==== Records to process

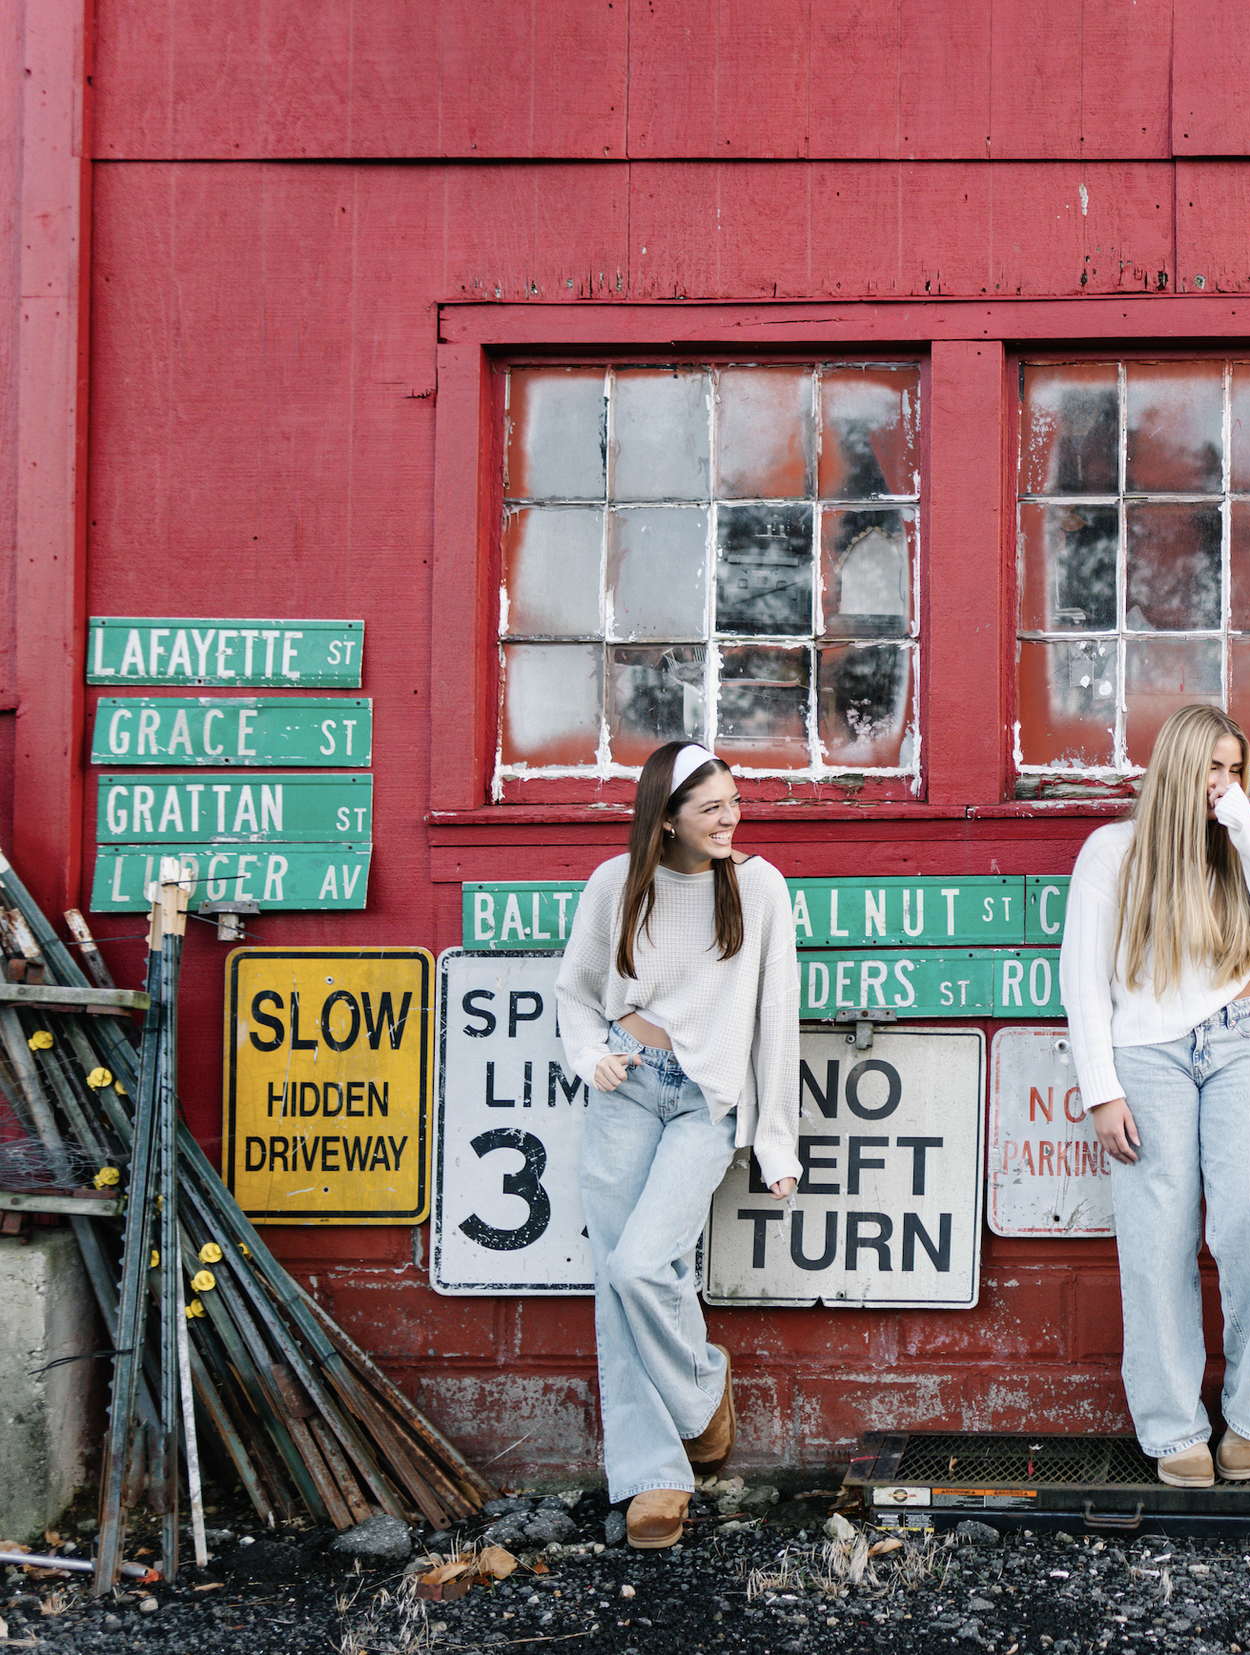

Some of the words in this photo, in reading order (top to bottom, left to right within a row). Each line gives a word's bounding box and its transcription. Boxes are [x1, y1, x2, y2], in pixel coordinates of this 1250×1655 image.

[94, 628, 303, 678] LAFAYETTE
[327, 639, 355, 665] ST
[108, 709, 258, 756] GRACE
[319, 719, 357, 756] ST
[106, 784, 283, 834] GRATTAN
[336, 806, 366, 832] ST
[318, 864, 361, 900] AV
[474, 891, 582, 941] BALT
[791, 888, 960, 938] ALNUT
[983, 896, 1012, 923] ST
[1039, 885, 1061, 936] C
[797, 958, 916, 1009] DERS
[940, 979, 970, 1007] ST
[1002, 957, 1063, 1008] RO
[249, 989, 413, 1052] SLOW
[462, 989, 561, 1039] SP
[267, 1081, 389, 1118] HIDDEN
[485, 1061, 590, 1109] LIM
[799, 1058, 902, 1121] NO
[1029, 1086, 1087, 1124] NO
[245, 1135, 408, 1172] DRIVEWAY
[458, 1127, 590, 1252] 3
[738, 1208, 953, 1273] TURN
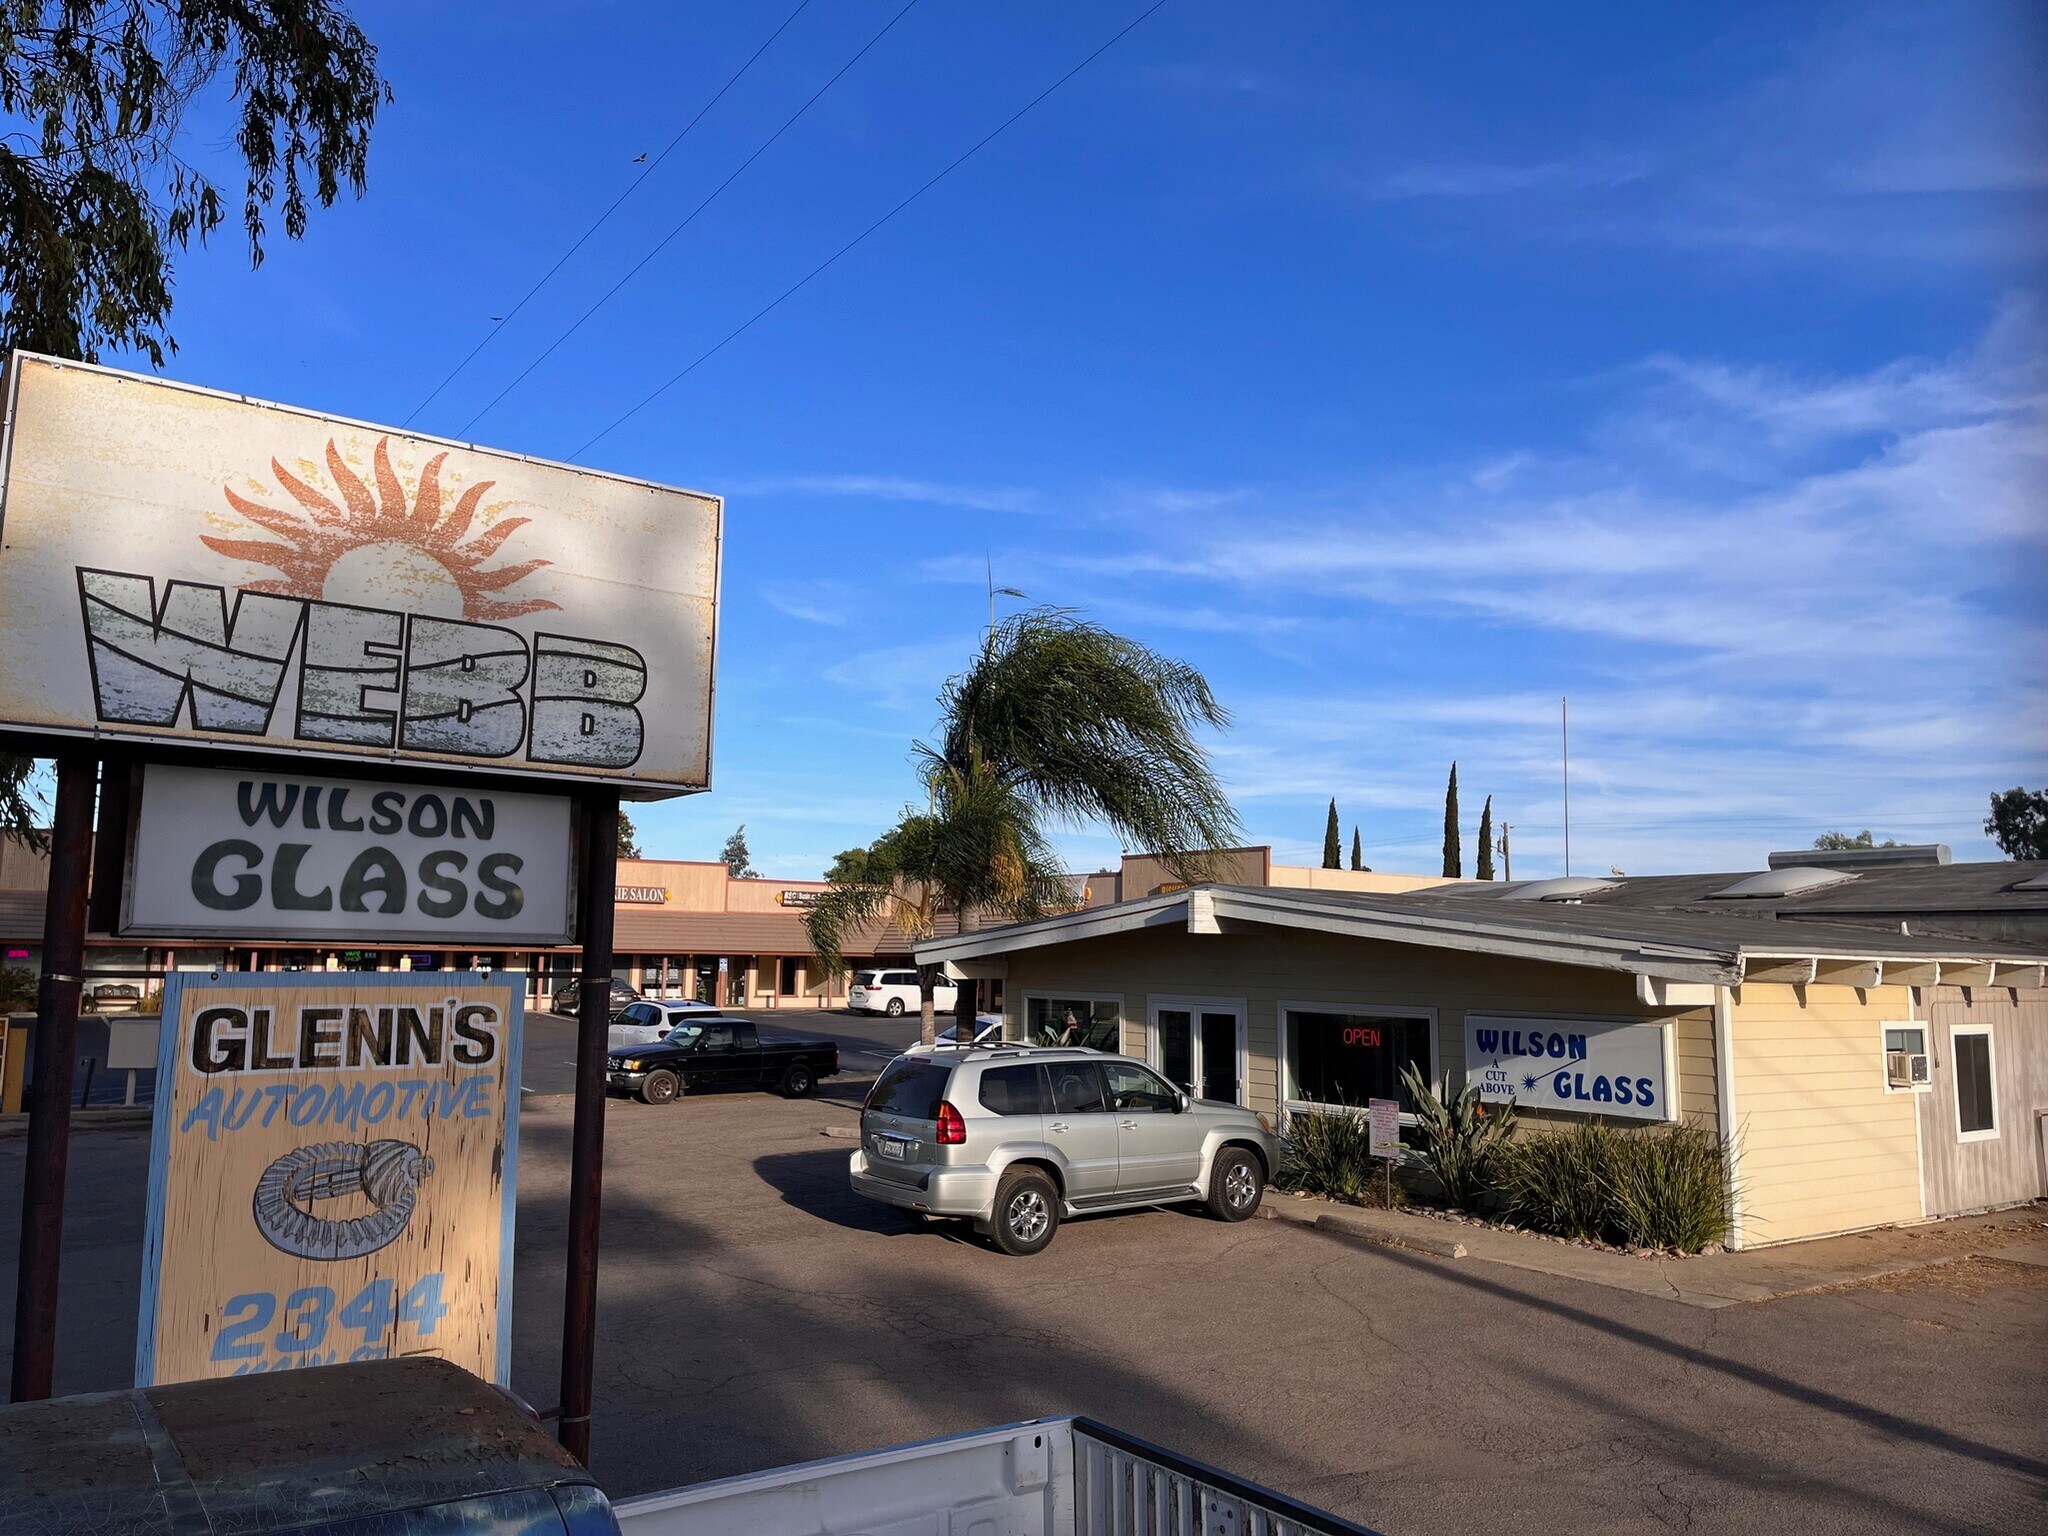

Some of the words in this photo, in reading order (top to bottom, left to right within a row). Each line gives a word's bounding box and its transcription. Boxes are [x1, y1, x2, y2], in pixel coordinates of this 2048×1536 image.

[76, 566, 647, 769] WEBB
[237, 780, 496, 841] WILSON
[191, 838, 525, 920] GLASS
[614, 886, 629, 900] IE
[630, 887, 665, 901] SALON
[1343, 1028, 1380, 1047] OPEN
[1476, 1029, 1587, 1060] WILSON
[1485, 1070, 1507, 1082] CUT
[1491, 1058, 1500, 1069] A
[1479, 1082, 1516, 1096] ABOVE
[1553, 1071, 1655, 1107] GLASS
[181, 1075, 495, 1141] AUTOMOTIVE
[210, 1272, 449, 1361] 2344

========

Reproduce the listing exactly. Leave its pictures out.

Some of the words in this photo, in reading order (top to bottom, left to right within a row). Each line gives a word's bounding box and its transcription. Boxes are [x1, y1, x2, y2], in pixel coordinates of this 1250×1655 image.

[94, 628, 303, 678] LAFAYETTE
[327, 639, 355, 665] ST
[108, 709, 258, 756] GRACE
[319, 719, 357, 756] ST
[106, 784, 283, 834] GRATTAN
[336, 806, 366, 832] ST
[318, 864, 361, 900] AV
[474, 891, 582, 941] BALT
[791, 888, 960, 938] ALNUT
[983, 896, 1012, 923] ST
[1039, 885, 1061, 936] C
[797, 958, 916, 1009] DERS
[940, 979, 970, 1007] ST
[1002, 957, 1063, 1008] RO
[249, 989, 413, 1052] SLOW
[462, 989, 561, 1039] SP
[267, 1081, 389, 1118] HIDDEN
[485, 1061, 590, 1109] LIM
[799, 1058, 902, 1121] NO
[1029, 1086, 1087, 1124] NO
[245, 1135, 408, 1172] DRIVEWAY
[458, 1127, 590, 1252] 3
[738, 1208, 953, 1273] TURN

Some of the words in this photo, in reading order (top to bottom, left to right within a row). Each line gives a word's bounding box and its transcription. Boxes are [x1, y1, x2, y2], in pixel coordinates of this 2048×1536 image.

[76, 566, 647, 769] WEBB
[237, 780, 496, 841] WILSON
[191, 838, 525, 920] GLASS
[614, 886, 629, 900] IE
[630, 887, 665, 901] SALON
[1343, 1028, 1380, 1047] OPEN
[1476, 1029, 1587, 1060] WILSON
[1485, 1070, 1507, 1082] CUT
[1491, 1058, 1500, 1069] A
[1479, 1082, 1516, 1096] ABOVE
[1553, 1071, 1655, 1107] GLASS
[181, 1075, 495, 1141] AUTOMOTIVE
[210, 1272, 449, 1361] 2344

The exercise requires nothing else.